Fast Registration of Photorealistic Avatars for VR Facial Animation

Chaitanya Patel,Shaojie Bai,Te-Li Wang,Jason Saragih,Shih-En Wei
2024-07-19
Abstract:Virtual Reality (VR) bares promise of social interactions that can feel more immersive than other media. Key to this is the ability to accurately animate a personalized photorealistic avatar, and hence the acquisition of the labels for headset-mounted camera (HMC) images need to be efficient and accurate, while wearing a VR headset. This is challenging due to oblique camera views and differences in image modality. In this work, we first show that the domain gap between the avatar and HMC images is one of the primary sources of difficulty, where a transformer-based architecture achieves high accuracy on domain-consistent data, but degrades when the domain-gap is re-introduced. Building on this finding, we propose a system split into two parts: an iterative refinement module that takes in-domain inputs, and a generic avatar-guided image-to-image domain transfer module conditioned on current estimates. These two modules reinforce each other: domain transfer becomes easier when close-to-groundtruth examples are shown, and better domain-gap removal in turn improves the registration. Our system obviates the need for costly offline optimization, and produces online registration of higher quality than direct regression method. We validate the accuracy and efficiency of our approach through extensive experiments on a commodity headset, demonstrating significant improvements over these baselines. To stimulate further research in this direction, we make our large-scale dataset and code publicly available.
Computer Vision and Pattern Recognition,Artificial Intelligence
What problem does this paper attempt to address?
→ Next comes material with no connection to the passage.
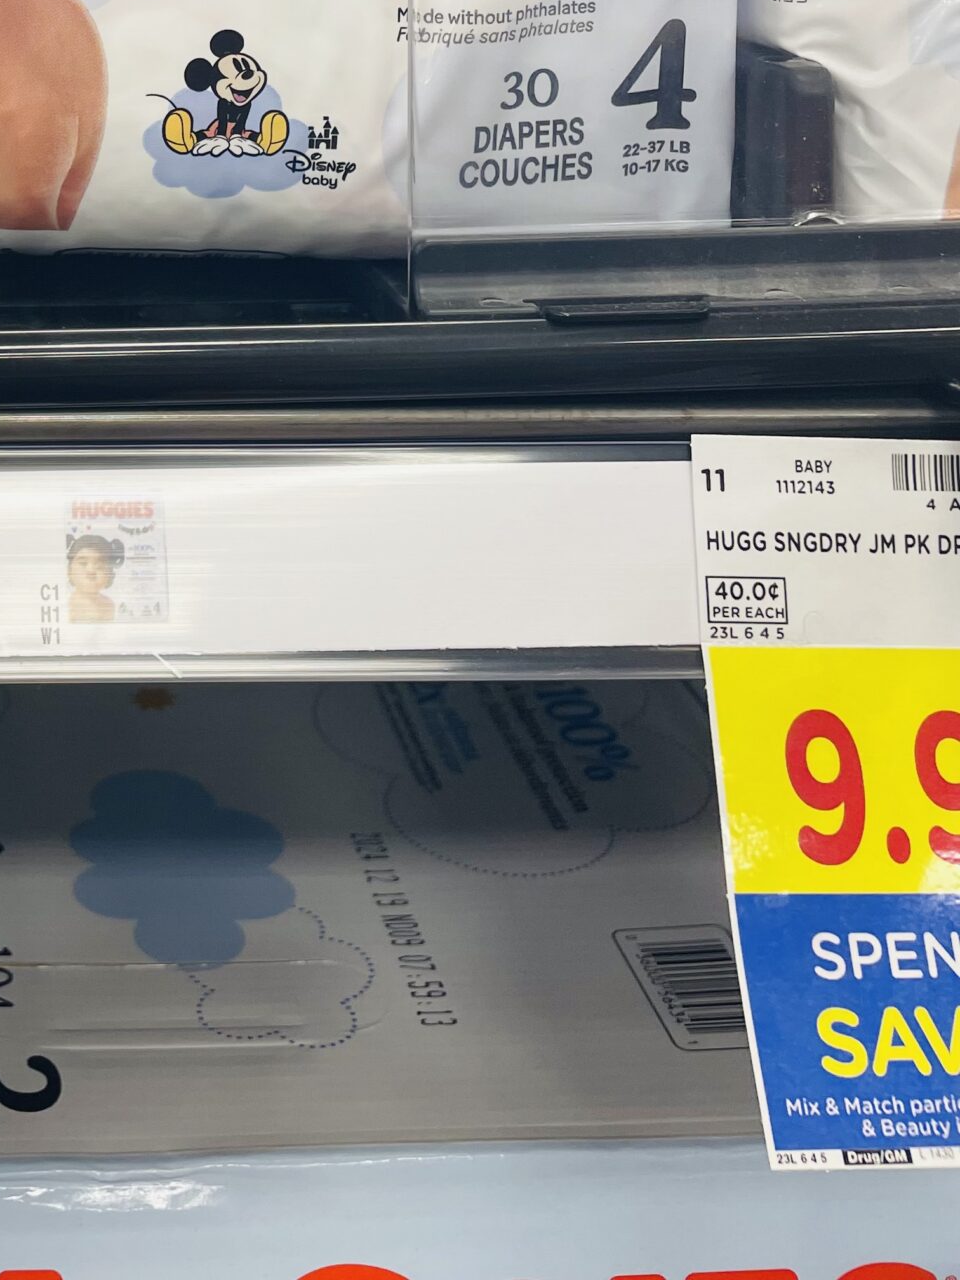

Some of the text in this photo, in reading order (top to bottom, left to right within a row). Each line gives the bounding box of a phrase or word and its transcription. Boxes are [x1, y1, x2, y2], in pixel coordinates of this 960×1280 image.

The paper primarily addresses the issue of realistic facial animation presentation in Virtual Reality (VR) environments, specifically: 1. **Problem Background**: In VR social interactions, to enhance the immersive experience, it is necessary to accurately animate the user's personalized realistic avatar. This involves capturing images from the camera on the head-mounted display (VR headset) and precisely aligning these images with the user's avatar. 2. **Core Challenge**: When users wear a VR headset, their faces are obscured, hence relying on the built-in camera of the headset (Head-Mounted Camera, HMC) to capture facial expressions and drive the avatar is required. However, due to the skewed perspective of the camera and the differences in image modalities (such as the disparity between infrared and visible light), directly using these images for facial expression registration is challenging. 3. **Research Objective**: To propose an efficient and accurate method for registering facial expressions and head poses under challenging perspectives and unseen identities (i.e., different users). This method needs to overcome the domain gap between HMC images and avatar rendering and generate high-quality image-label pairs within a limited time frame. 4. **Method Overview**: - The paper first demonstrates that using a Transformer-based network can achieve high-precision expression estimation and head pose estimation when the camera and avatar modalities are matched. - Based on this finding, the authors propose a method consisting of two parts: an iterative refinement module and a universal, avatar-guided image-to-image domain transfer module. These two modules reinforce each other, improving the accuracy of registration by enhancing the quality of style transfer, and vice versa. 5. **Contributions Summary**: - Demonstrated that accurate and efficient universal facial registration can be achieved in matched camera-avatar domains without relying on 3D geometric information. - Proposed a universal style transfer network that precisely maintains the facial expressions of unseen identities. - Overall, provided a method for establishing high-fidelity image-label pairs for personalized avatars under time constraints and skewed perspectives. Through the aforementioned methods, the paper aims to improve the realism and immersion of facial animations in virtual reality environments, thereby enhancing the user experience.